Evidence concerning damages

  1. The plaintiff was born in 1958 and is now 52 years of age. He left school with his School Certificate at the age of 16. He and his wife were married in 1984. They have one daughter who is aged 23 and currently studying in the United States of America with the benefit of a tennis scholarship.

  1. The plaintiff was in good health prior to the accident. He used to play tennis and helped train his daughter. He was a talented snooker player, competing at national level. He also enjoyed fishing and golf.

  1. Upon leaving school, the plaintiff completed an apprenticeship as a fitter and turner at the Port Kembla steel works. He then worked in video stores for 3 or 4 years before entering the building industry in the early 1980's. Although he did not engage in any formal training, he acquired skills, including in computer aided design. His work in the 27 or 28 years before the accident involved him in providing clients with designs for small construction projects. He prepared costings and quotations for the construction of patios, atriums, conservatories and the like.

  1. The plaintiff traded through a company called Albion Way Pty Limited. The work was subcontracted by Sales Galore Pty Limited. His role was described as involving design, costings, estimation, sales and marketing.

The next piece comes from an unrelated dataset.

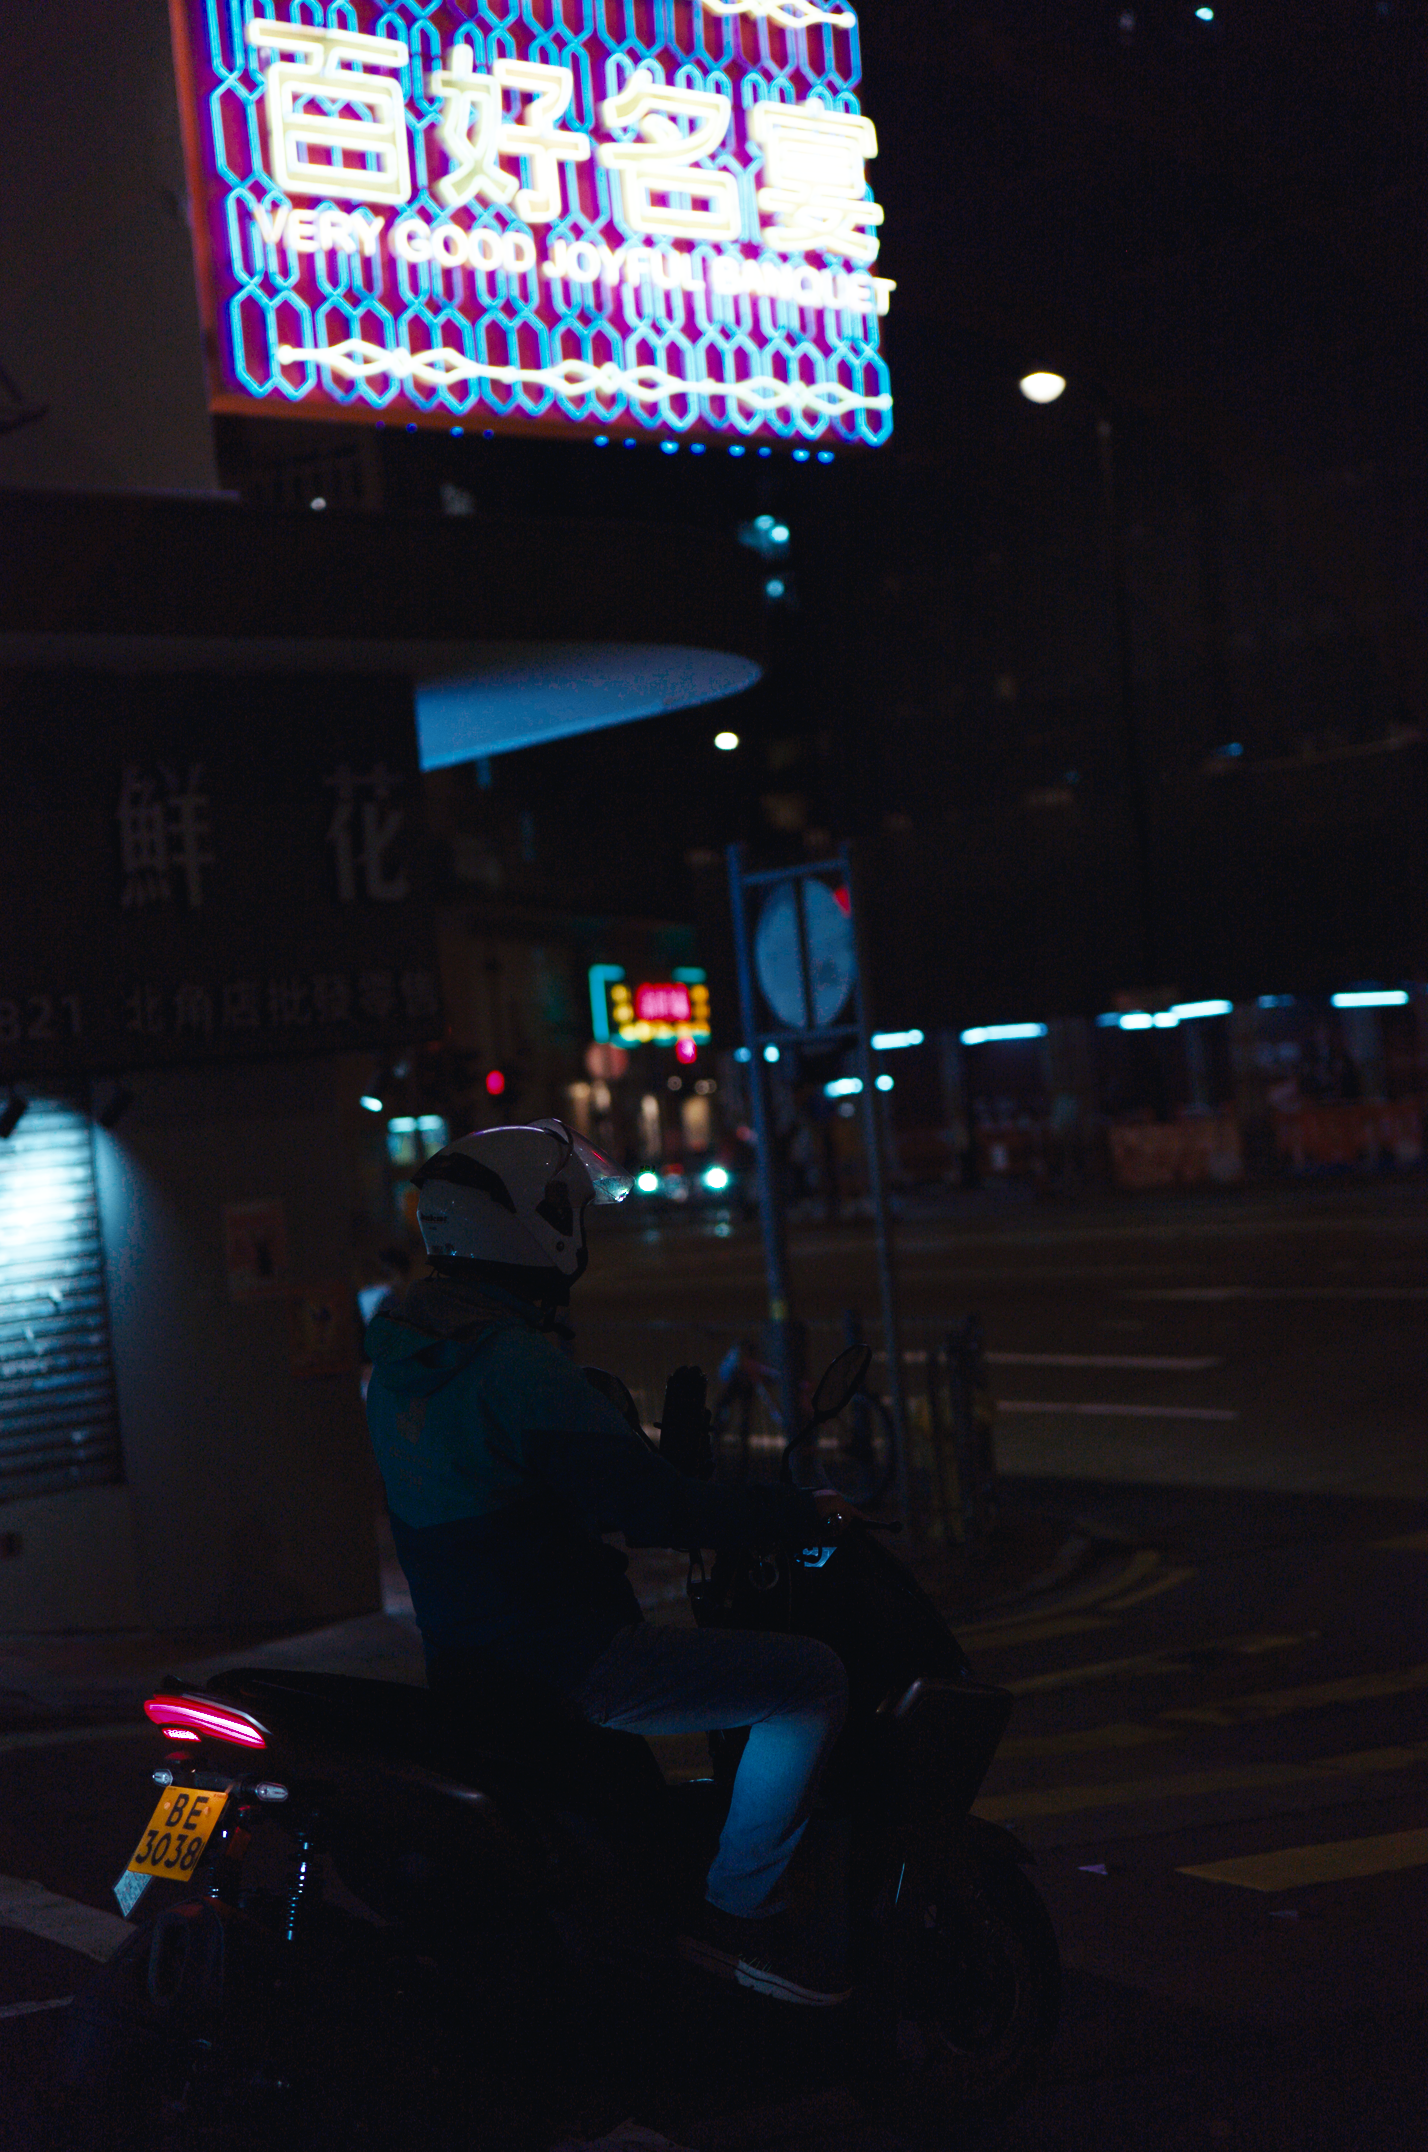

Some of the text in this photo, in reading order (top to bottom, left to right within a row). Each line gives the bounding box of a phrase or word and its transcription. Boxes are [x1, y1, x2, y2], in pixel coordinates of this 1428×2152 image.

  1. At the time of the accident, there was a proposal to expand the scope of work that was undertaken from "light weight construction" to "full construction", meaning domestic building work in the nature of building whole rooms and whole floor extensions. This was an initiative proposed by the plaintiff. He was to have performed the same role as he had previously, that is the preparation of designs, costings and quotations, but he has not been able to do so because of the effects of his injuries. Another man, Mr Alessio Sidoni, was engaged to perform what was to have been the plaintiff's role.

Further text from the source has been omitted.